Such deals run consumers the risk of a huge, cumulative interest amount at the end of the designated period if they have any balance remaining. Jerry and Christine Barnes say they keep close watch on that timeline, usually paying off the balance well before the no-interest period has ended. They plan to use their tax refund this year to cover many of these outstanding bills.
With the expected economic stimulus package, which would give the couple an $1,800 rebate - including $300 for each of the kids - the Barneses say they probably will save it in their money market account. They'd rather bank the extra money than buy things, as the president and Congress suggest they should. "We'll just have to see what happens and where we are when the time comes," Jerry Barnes says.

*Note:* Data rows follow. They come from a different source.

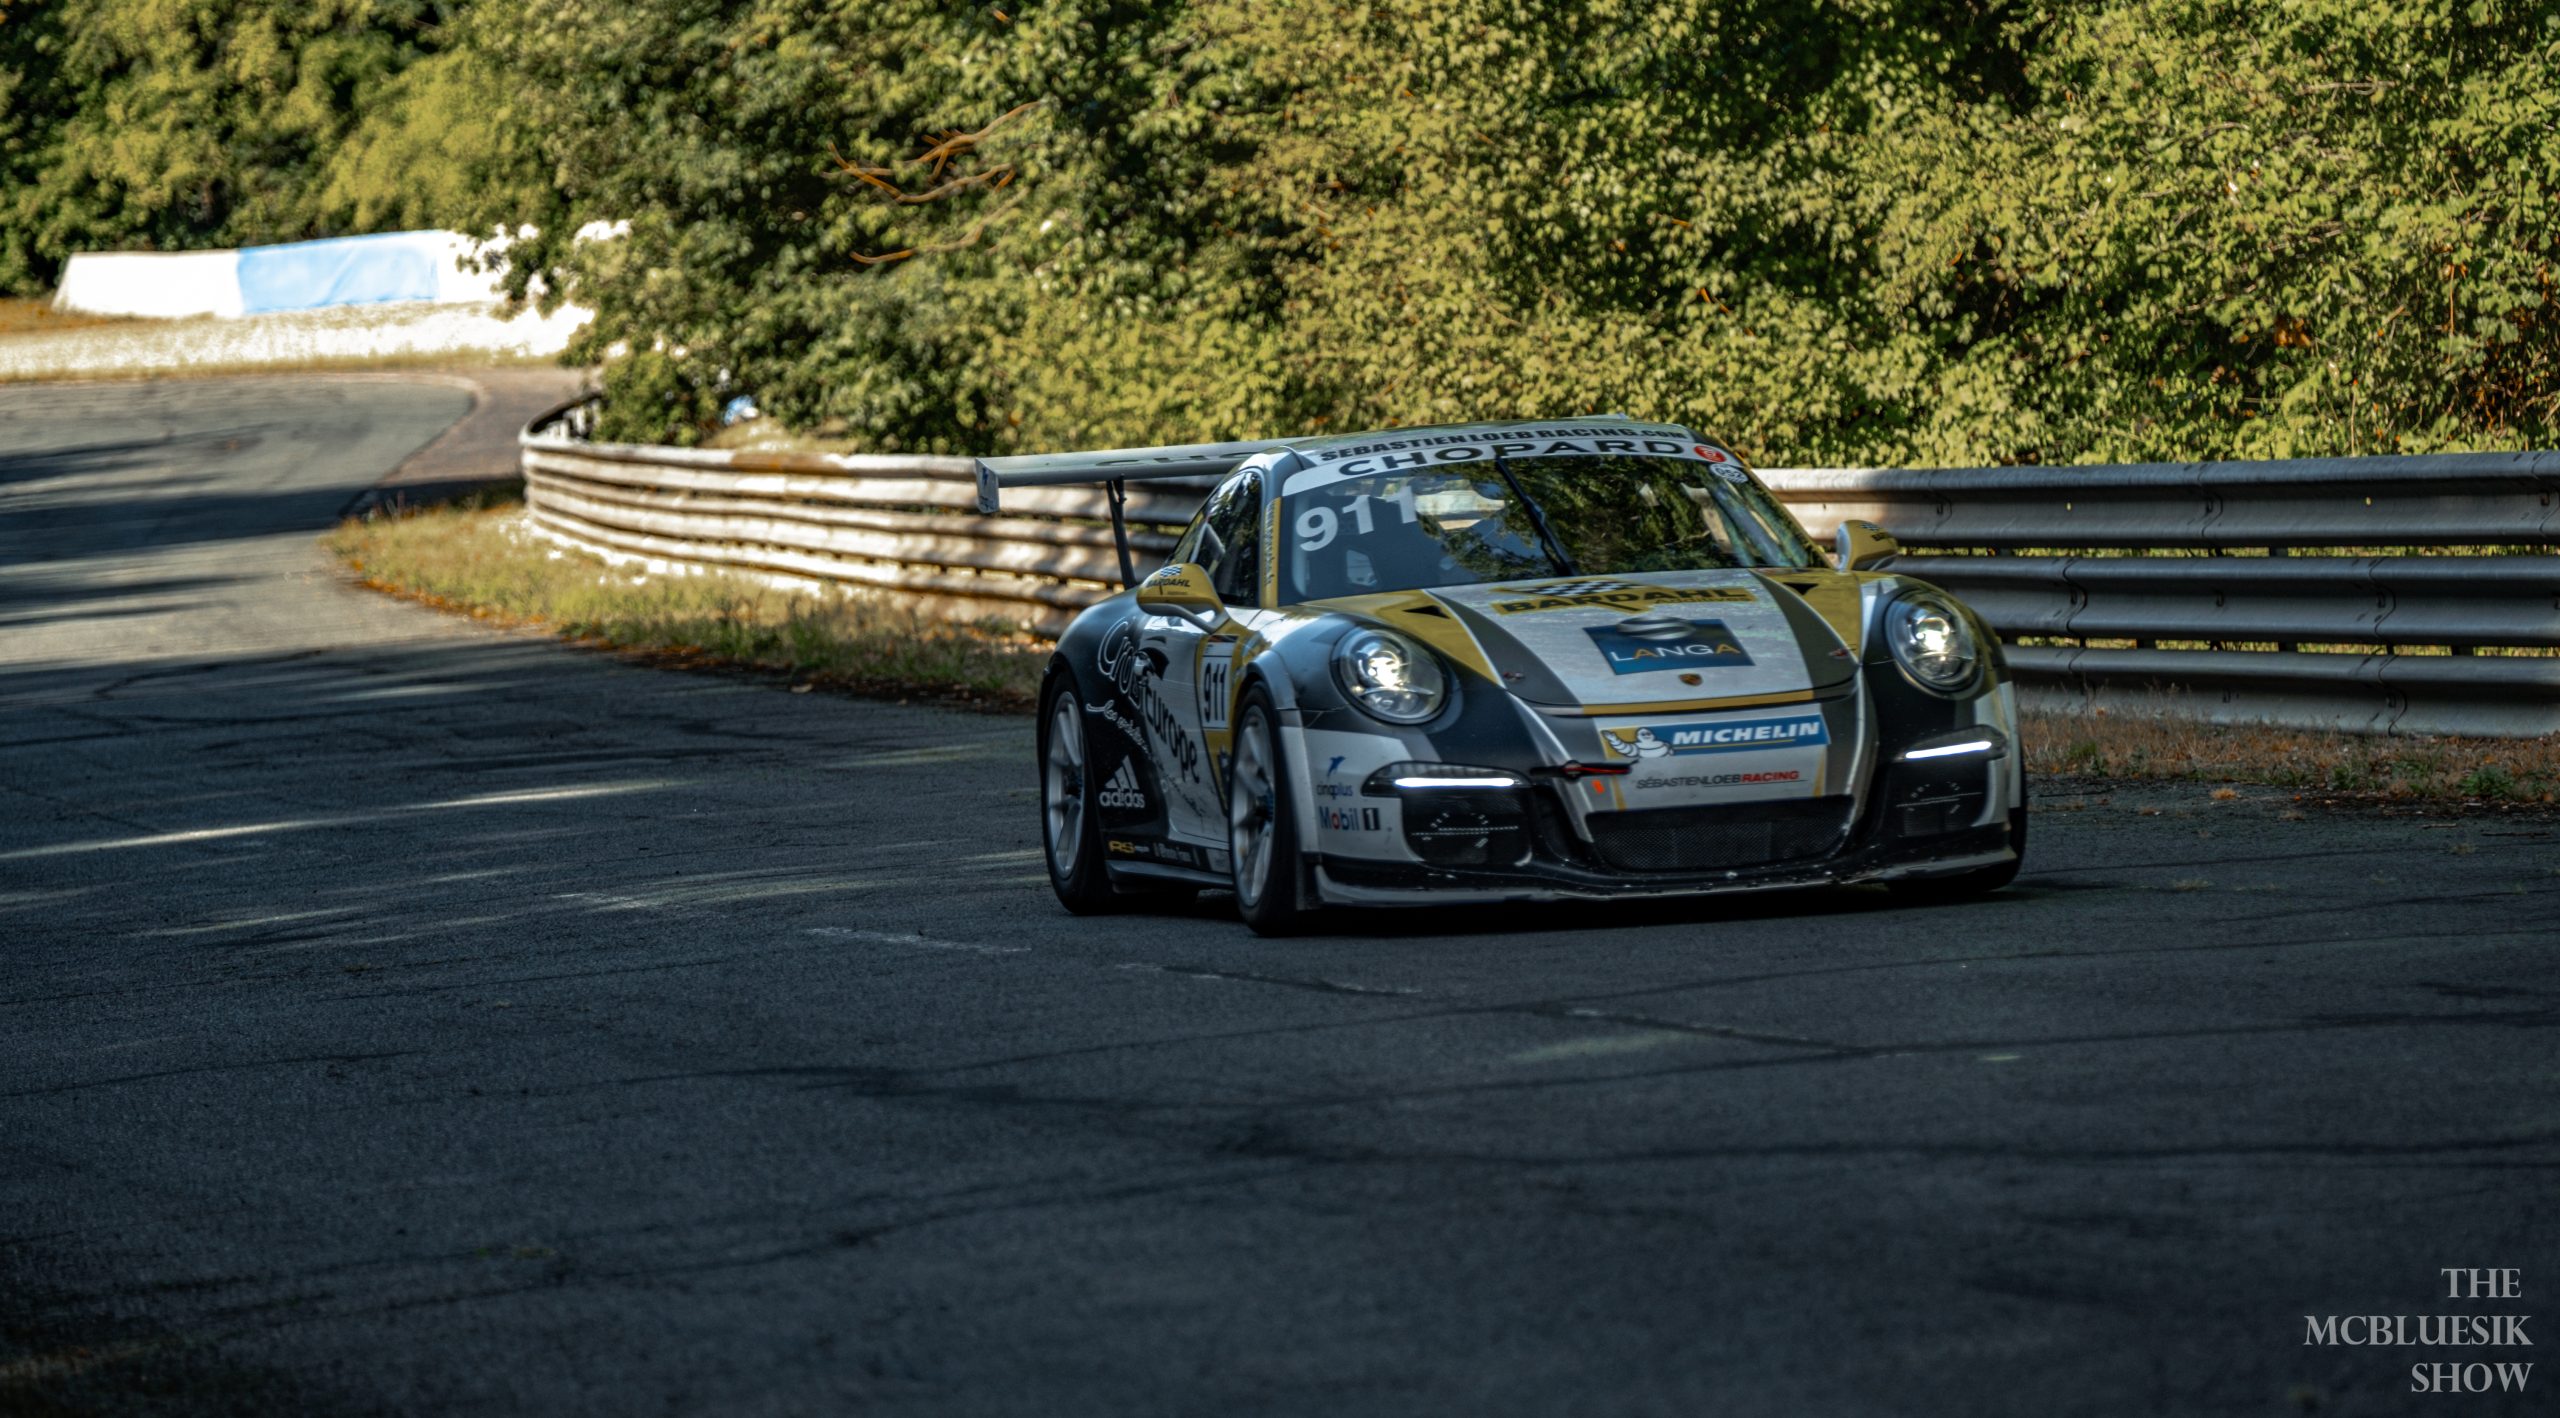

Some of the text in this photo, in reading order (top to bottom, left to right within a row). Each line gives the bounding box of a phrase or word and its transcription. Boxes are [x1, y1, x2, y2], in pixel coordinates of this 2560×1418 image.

[1338, 440, 1684, 476] CHOPARD
[1295, 485, 1418, 552] 911
[1500, 588, 1748, 612] BARDAHL
[1609, 643, 1741, 662] LANGA
[1203, 662, 1228, 723] 911
[1673, 721, 1820, 745] MICHELIN
[1099, 789, 1146, 809] adidas
[1319, 806, 1360, 831] Mobil

When the couple married in 2003, she worked as a paramedic. She put in about 60 hours a week, earned about $40,000 a year and saved a good amount of it. But she eventually needed surgery for back problems and had to ease up on the emergency services work.
Then she took a part-time emergency-room medic job at Children's Hospital of The King's Daughters. She was earning about $900 every two weeks.
When little Jerry was born in May 2004, they realized the cost of day care would take more than half of her paycheck - and leave someone else to raise their child. In addition to that, fuel costs and time spent getting up early, Christine often would arrive home at night too tired to cook. That meant more money spent on eating out.
"We just collectively decided, for us, that we were going to change the way we did things," Jerry recalls.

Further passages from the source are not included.